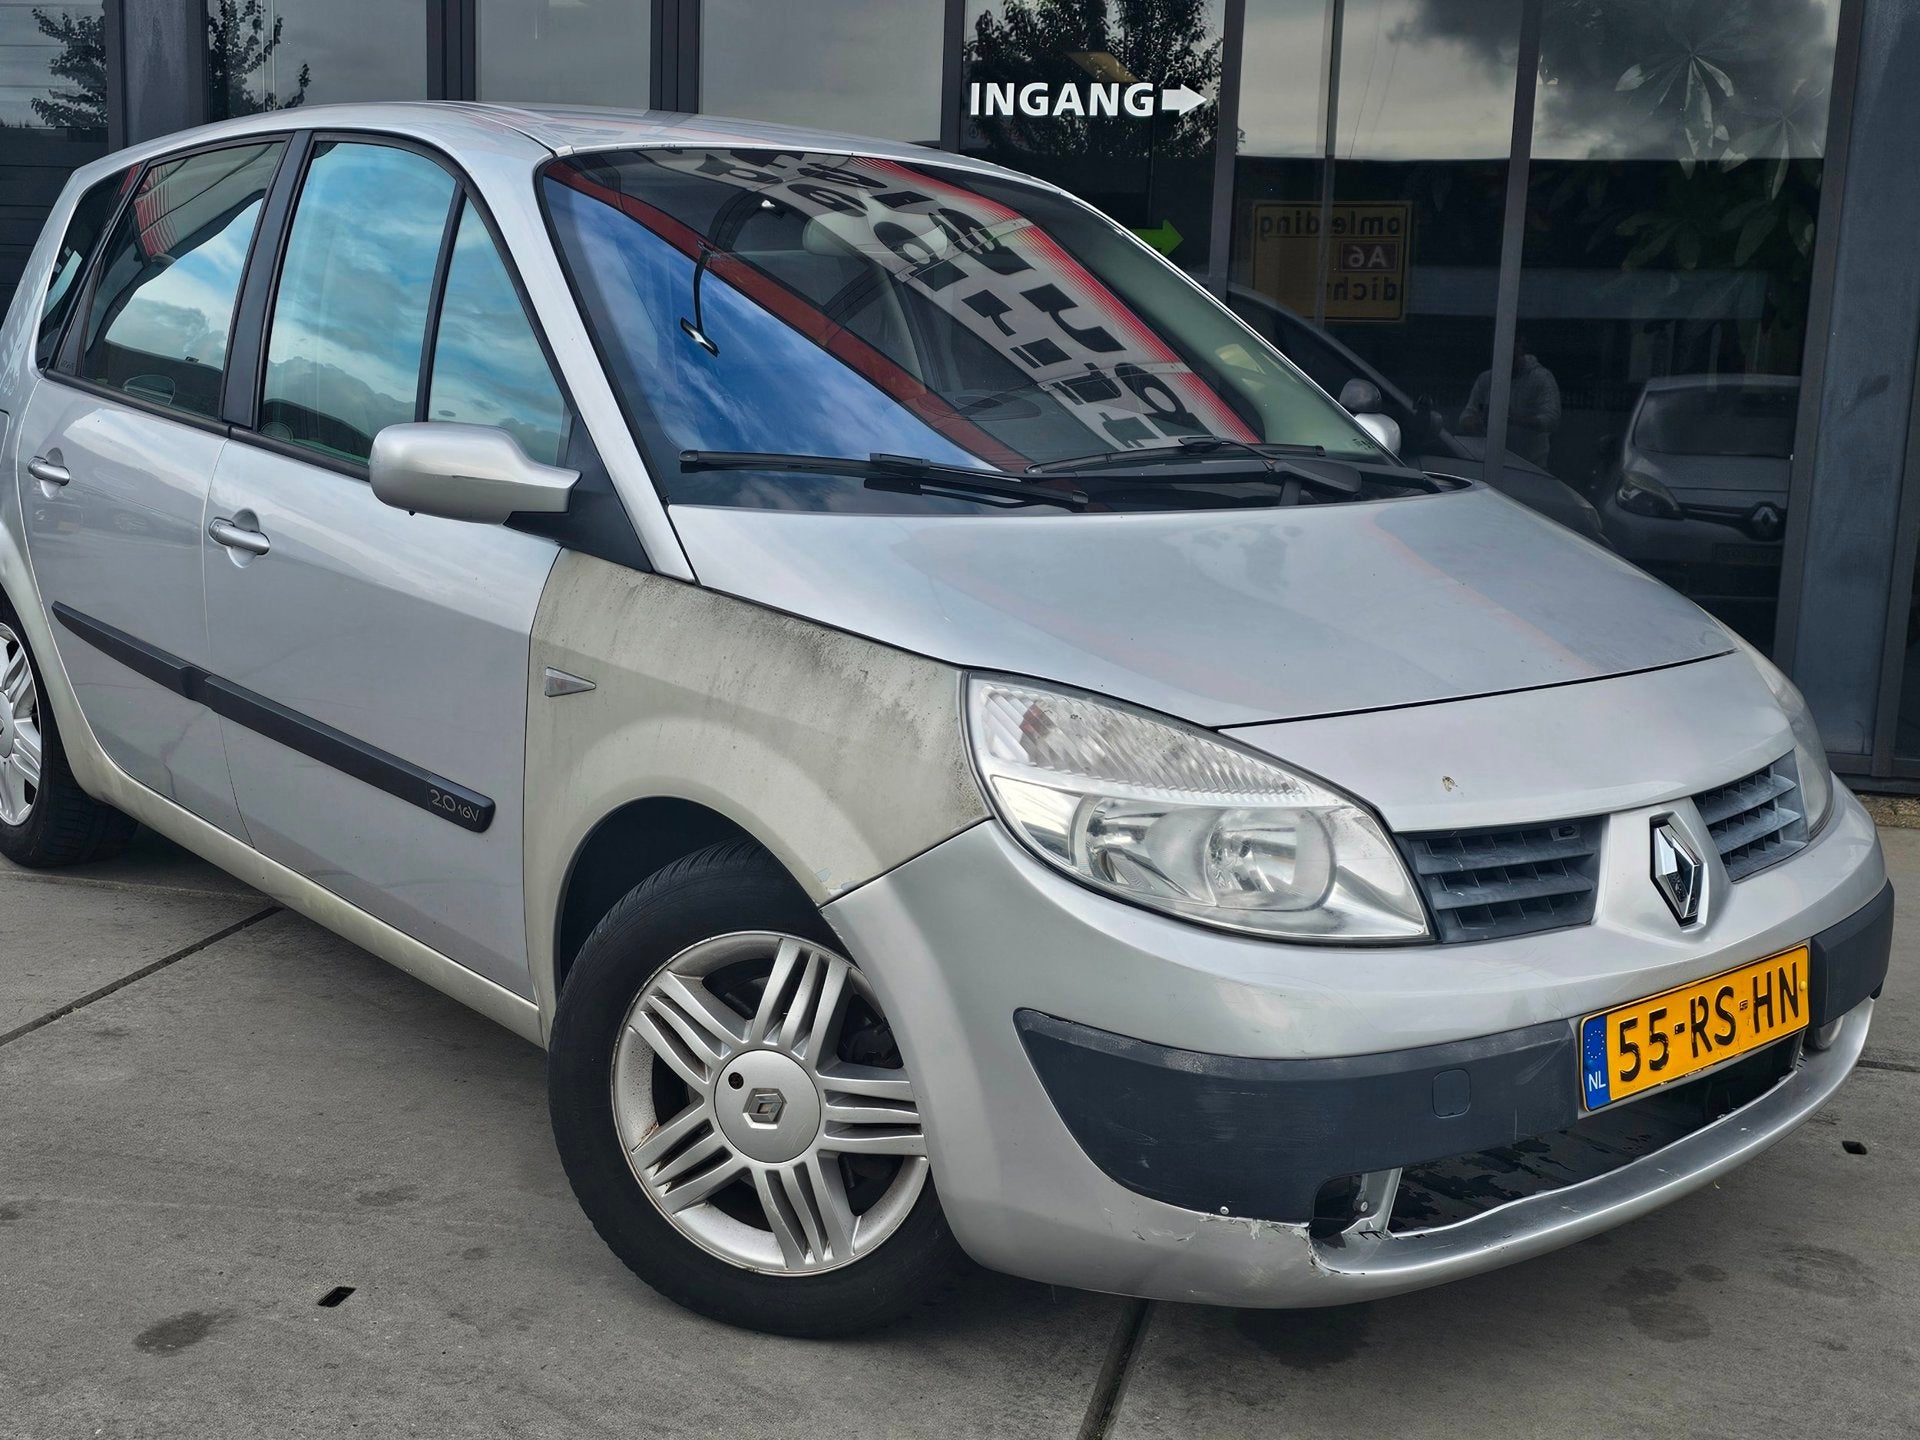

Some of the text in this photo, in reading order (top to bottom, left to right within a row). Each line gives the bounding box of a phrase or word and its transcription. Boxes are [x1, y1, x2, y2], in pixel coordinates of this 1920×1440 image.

[969, 81, 1155, 117] INGANG
[430, 788, 480, 822] 2.0 16V
[1618, 961, 1800, 1083] 55-RS-HN
[1588, 1070, 1607, 1093] NL

### TASK
For this exercise, write out the listing verbatim and leave every image out.

### ANSWER
Some of the text in this photo, in reading order (top to bottom, left to right within a row). Each line gives the bounding box of a phrase or word and its transcription. Boxes are [x1, y1, x2, y2], in pixel coordinates of this 1920×1440 image.

[969, 81, 1155, 117] INGANG
[430, 788, 480, 822] 2.0 16V
[1618, 961, 1800, 1083] 55-RS-HN
[1588, 1070, 1607, 1093] NL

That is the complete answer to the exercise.